▶ _Task requirements_
Read the data and repeat it in full, exactly.

*-*-*

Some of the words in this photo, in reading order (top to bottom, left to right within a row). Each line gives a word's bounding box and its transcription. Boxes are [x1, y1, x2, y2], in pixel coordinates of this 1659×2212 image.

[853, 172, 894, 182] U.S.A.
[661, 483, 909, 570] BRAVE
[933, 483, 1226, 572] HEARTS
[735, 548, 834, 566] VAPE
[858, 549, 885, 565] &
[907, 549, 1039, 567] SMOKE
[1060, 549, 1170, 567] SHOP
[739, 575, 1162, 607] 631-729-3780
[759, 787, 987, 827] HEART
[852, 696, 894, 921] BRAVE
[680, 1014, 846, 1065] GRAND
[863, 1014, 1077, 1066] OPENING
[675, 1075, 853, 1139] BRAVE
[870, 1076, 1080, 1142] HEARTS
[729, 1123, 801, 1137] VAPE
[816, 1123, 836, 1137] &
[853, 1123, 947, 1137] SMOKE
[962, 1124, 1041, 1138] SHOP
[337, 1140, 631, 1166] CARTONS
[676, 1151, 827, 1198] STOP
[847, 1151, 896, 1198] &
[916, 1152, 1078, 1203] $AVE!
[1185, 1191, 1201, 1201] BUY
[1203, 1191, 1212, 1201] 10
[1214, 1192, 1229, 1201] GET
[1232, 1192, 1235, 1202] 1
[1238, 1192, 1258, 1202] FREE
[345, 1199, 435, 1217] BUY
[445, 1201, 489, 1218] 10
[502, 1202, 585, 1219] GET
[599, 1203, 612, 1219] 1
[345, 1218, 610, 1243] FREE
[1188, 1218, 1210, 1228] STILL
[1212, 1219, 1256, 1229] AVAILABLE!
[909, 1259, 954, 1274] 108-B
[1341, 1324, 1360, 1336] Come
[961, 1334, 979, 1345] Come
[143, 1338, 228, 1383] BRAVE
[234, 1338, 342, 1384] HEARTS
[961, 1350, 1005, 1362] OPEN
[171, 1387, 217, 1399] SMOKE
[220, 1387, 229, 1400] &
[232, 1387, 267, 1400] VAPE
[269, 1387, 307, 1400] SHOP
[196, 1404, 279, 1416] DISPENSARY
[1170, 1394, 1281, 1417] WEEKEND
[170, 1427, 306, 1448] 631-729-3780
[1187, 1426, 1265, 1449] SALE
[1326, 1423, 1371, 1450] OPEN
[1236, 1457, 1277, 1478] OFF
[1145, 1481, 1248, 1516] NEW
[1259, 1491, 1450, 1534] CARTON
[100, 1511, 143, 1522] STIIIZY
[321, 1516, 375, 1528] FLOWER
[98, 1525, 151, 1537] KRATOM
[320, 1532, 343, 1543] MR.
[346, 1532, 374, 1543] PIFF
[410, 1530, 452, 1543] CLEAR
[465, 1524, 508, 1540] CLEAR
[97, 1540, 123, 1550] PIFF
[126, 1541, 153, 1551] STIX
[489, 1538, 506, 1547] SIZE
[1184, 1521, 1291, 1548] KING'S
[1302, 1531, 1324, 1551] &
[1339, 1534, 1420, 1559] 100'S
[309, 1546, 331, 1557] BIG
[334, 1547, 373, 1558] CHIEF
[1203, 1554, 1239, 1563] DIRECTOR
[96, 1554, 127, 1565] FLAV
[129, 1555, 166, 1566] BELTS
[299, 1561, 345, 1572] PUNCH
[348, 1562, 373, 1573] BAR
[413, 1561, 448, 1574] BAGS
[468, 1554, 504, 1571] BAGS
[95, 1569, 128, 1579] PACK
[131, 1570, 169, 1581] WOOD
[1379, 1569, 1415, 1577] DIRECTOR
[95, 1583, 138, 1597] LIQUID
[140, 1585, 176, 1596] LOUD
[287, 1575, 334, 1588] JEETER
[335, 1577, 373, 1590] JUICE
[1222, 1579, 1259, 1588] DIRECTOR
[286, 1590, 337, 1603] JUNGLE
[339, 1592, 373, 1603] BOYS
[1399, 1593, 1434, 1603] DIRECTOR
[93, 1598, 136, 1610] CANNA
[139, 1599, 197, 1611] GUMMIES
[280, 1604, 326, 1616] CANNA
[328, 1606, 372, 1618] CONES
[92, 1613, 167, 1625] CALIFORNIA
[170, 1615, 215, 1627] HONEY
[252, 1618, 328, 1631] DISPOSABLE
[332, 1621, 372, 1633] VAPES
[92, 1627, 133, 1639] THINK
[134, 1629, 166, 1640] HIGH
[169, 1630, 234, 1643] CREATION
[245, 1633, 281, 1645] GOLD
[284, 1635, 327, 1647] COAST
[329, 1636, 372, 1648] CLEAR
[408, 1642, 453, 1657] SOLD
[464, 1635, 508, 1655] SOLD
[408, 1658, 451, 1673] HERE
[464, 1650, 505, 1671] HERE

*-*-*

▶ _Response below_
Some of the words in this photo, in reading order (top to bottom, left to right within a row). Each line gives a word's bounding box and its transcription. Boxes are [x1, y1, x2, y2], in pixel coordinates of this 1659×2212 image.

[853, 172, 894, 182] U.S.A.
[661, 483, 909, 570] BRAVE
[933, 483, 1226, 572] HEARTS
[735, 548, 834, 566] VAPE
[858, 549, 885, 565] &
[907, 549, 1039, 567] SMOKE
[1060, 549, 1170, 567] SHOP
[739, 575, 1162, 607] 631-729-3780
[759, 787, 987, 827] HEART
[852, 696, 894, 921] BRAVE
[680, 1014, 846, 1065] GRAND
[863, 1014, 1077, 1066] OPENING
[675, 1075, 853, 1139] BRAVE
[870, 1076, 1080, 1142] HEARTS
[729, 1123, 801, 1137] VAPE
[816, 1123, 836, 1137] &
[853, 1123, 947, 1137] SMOKE
[962, 1124, 1041, 1138] SHOP
[337, 1140, 631, 1166] CARTONS
[676, 1151, 827, 1198] STOP
[847, 1151, 896, 1198] &
[916, 1152, 1078, 1203] $AVE!
[1185, 1191, 1201, 1201] BUY
[1203, 1191, 1212, 1201] 10
[1214, 1192, 1229, 1201] GET
[1232, 1192, 1235, 1202] 1
[1238, 1192, 1258, 1202] FREE
[345, 1199, 435, 1217] BUY
[445, 1201, 489, 1218] 10
[502, 1202, 585, 1219] GET
[599, 1203, 612, 1219] 1
[345, 1218, 610, 1243] FREE
[1188, 1218, 1210, 1228] STILL
[1212, 1219, 1256, 1229] AVAILABLE!
[909, 1259, 954, 1274] 108-B
[1341, 1324, 1360, 1336] Come
[961, 1334, 979, 1345] Come
[143, 1338, 228, 1383] BRAVE
[234, 1338, 342, 1384] HEARTS
[961, 1350, 1005, 1362] OPEN
[171, 1387, 217, 1399] SMOKE
[220, 1387, 229, 1400] &
[232, 1387, 267, 1400] VAPE
[269, 1387, 307, 1400] SHOP
[196, 1404, 279, 1416] DISPENSARY
[1170, 1394, 1281, 1417] WEEKEND
[170, 1427, 306, 1448] 631-729-3780
[1187, 1426, 1265, 1449] SALE
[1326, 1423, 1371, 1450] OPEN
[1236, 1457, 1277, 1478] OFF
[1145, 1481, 1248, 1516] NEW
[1259, 1491, 1450, 1534] CARTON
[100, 1511, 143, 1522] STIIIZY
[321, 1516, 375, 1528] FLOWER
[98, 1525, 151, 1537] KRATOM
[320, 1532, 343, 1543] MR.
[346, 1532, 374, 1543] PIFF
[410, 1530, 452, 1543] CLEAR
[465, 1524, 508, 1540] CLEAR
[97, 1540, 123, 1550] PIFF
[126, 1541, 153, 1551] STIX
[489, 1538, 506, 1547] SIZE
[1184, 1521, 1291, 1548] KING'S
[1302, 1531, 1324, 1551] &
[1339, 1534, 1420, 1559] 100'S
[309, 1546, 331, 1557] BIG
[334, 1547, 373, 1558] CHIEF
[1203, 1554, 1239, 1563] DIRECTOR
[96, 1554, 127, 1565] FLAV
[129, 1555, 166, 1566] BELTS
[299, 1561, 345, 1572] PUNCH
[348, 1562, 373, 1573] BAR
[413, 1561, 448, 1574] BAGS
[468, 1554, 504, 1571] BAGS
[95, 1569, 128, 1579] PACK
[131, 1570, 169, 1581] WOOD
[1379, 1569, 1415, 1577] DIRECTOR
[95, 1583, 138, 1597] LIQUID
[140, 1585, 176, 1596] LOUD
[287, 1575, 334, 1588] JEETER
[335, 1577, 373, 1590] JUICE
[1222, 1579, 1259, 1588] DIRECTOR
[286, 1590, 337, 1603] JUNGLE
[339, 1592, 373, 1603] BOYS
[1399, 1593, 1434, 1603] DIRECTOR
[93, 1598, 136, 1610] CANNA
[139, 1599, 197, 1611] GUMMIES
[280, 1604, 326, 1616] CANNA
[328, 1606, 372, 1618] CONES
[92, 1613, 167, 1625] CALIFORNIA
[170, 1615, 215, 1627] HONEY
[252, 1618, 328, 1631] DISPOSABLE
[332, 1621, 372, 1633] VAPES
[92, 1627, 133, 1639] THINK
[134, 1629, 166, 1640] HIGH
[169, 1630, 234, 1643] CREATION
[245, 1633, 281, 1645] GOLD
[284, 1635, 327, 1647] COAST
[329, 1636, 372, 1648] CLEAR
[408, 1642, 453, 1657] SOLD
[464, 1635, 508, 1655] SOLD
[408, 1658, 451, 1673] HERE
[464, 1650, 505, 1671] HERE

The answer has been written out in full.